Cave in Utah, United States

Neffs Cave (or Neffs Canyon Cave) is a cave in Neffs Canyon on the north side of Mount Olympus, directly east of Millcreek, Utah in the United States. It is one of the deepest caves in the United States but is seldom entered despite its depth and its proximity to Salt Lake City. The United States Forest Service has closed the cave to the public for many years due to safety hazards. In 1977, Neffs Canyon Cave was designated as a National Natural Landmark by the National Park Service.

==Discovery and exploration==
Neffs Cave was discovered in 1949 by two teenage brothers, John and Jamie Lyon, who were hiking in Neffs Canyon. They returned to the cave several times to explore its depths but lacked the proper equipment to reach the bottom. In one of their last visits, John Lyon and a group of friends became trapped at the bottom of a steep slope of crumbly shale and had to be extracted by a rescue party, headed by his brother Jamie Lyon.

After the rescue, word about the cave began to spread. A party of inexperienced explorers reported that they went an estimated 2000 ft into the cave and encountered a sheer drop of over 100 ft that prevented their further exploration. They wrote to the Wasatch National Forest staff, "Our advice is, keep out." Subsequently, in 1951 a team under the direction of the National Park Service explored the cave for several hours and reported that the cave had no scenic value and was too dangerous to be a National Park Service attraction.

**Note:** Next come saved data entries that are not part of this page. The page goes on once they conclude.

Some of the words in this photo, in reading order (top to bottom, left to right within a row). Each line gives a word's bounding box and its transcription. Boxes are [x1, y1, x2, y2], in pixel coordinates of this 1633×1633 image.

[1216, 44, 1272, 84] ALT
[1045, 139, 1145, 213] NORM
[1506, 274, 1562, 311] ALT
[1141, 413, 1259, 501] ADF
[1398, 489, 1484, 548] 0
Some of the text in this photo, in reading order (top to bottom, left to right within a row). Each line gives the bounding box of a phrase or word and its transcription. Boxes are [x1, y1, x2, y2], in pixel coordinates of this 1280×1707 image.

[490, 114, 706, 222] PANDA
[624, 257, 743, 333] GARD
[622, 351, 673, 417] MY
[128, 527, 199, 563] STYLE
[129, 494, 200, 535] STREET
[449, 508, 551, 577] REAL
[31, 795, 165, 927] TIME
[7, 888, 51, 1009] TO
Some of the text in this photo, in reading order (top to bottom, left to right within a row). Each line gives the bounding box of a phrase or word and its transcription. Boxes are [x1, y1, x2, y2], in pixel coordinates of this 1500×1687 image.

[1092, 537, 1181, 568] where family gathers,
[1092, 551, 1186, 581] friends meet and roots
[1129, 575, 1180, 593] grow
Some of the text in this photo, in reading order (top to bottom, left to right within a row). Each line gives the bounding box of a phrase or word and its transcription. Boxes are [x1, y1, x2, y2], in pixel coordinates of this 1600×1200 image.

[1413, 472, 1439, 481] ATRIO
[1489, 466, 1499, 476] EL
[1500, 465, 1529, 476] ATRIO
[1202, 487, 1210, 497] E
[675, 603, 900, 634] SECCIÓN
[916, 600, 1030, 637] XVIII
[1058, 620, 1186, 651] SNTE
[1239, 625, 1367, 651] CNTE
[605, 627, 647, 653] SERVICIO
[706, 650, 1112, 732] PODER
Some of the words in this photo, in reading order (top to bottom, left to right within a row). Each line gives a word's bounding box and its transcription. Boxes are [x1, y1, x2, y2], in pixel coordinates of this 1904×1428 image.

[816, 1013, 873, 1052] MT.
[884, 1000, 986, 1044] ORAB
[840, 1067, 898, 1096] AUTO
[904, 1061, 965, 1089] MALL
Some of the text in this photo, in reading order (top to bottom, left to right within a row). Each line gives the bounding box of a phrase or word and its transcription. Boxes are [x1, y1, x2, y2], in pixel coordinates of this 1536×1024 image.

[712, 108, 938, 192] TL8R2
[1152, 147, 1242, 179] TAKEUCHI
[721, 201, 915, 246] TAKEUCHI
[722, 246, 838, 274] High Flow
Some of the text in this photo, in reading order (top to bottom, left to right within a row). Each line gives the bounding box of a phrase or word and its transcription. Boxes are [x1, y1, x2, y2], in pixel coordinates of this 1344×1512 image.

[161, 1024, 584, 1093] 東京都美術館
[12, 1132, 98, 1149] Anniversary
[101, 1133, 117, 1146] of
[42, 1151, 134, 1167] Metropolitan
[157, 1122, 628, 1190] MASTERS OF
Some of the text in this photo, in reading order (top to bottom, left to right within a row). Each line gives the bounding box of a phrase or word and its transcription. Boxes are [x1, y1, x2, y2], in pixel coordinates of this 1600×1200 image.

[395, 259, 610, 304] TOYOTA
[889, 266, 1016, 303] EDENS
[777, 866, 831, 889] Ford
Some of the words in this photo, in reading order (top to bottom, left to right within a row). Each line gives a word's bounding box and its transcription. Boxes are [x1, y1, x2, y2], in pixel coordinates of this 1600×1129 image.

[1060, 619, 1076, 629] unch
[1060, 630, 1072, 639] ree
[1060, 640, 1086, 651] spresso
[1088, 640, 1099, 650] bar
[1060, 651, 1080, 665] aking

In 1952 the Salt Lake Grotto of the National Speleological Society was established, and several weeks later, the grotto's members obtained permission from the National Forest Service to explore the cave. They spent nearly eleven hours in the cave but had not reached the end of the main passage before they had to turn back. Teams from the grotto returned in 1953 and 1956, and on the last visit, they succeeded in reaching the bottom of the main passage. They calculated a vertical depth of 1,186 feet (361 meters), which was later revised to 1,163 feet (354 meters). Neffs Cave is the 15th deepest cave discovered in the United States.

==Features and geology==

The cave entrance is a small, jagged opening in a gully at the base of low limestone cliffs. The main passage of the cave follows a deep fault in the limestone, dipping nearly due north. It descends through layers of limestone and shale, following a sink eroded by the gully stream. Side passages are rare except in an area called the Bedroom Complex, just past the halfway point of the main passage.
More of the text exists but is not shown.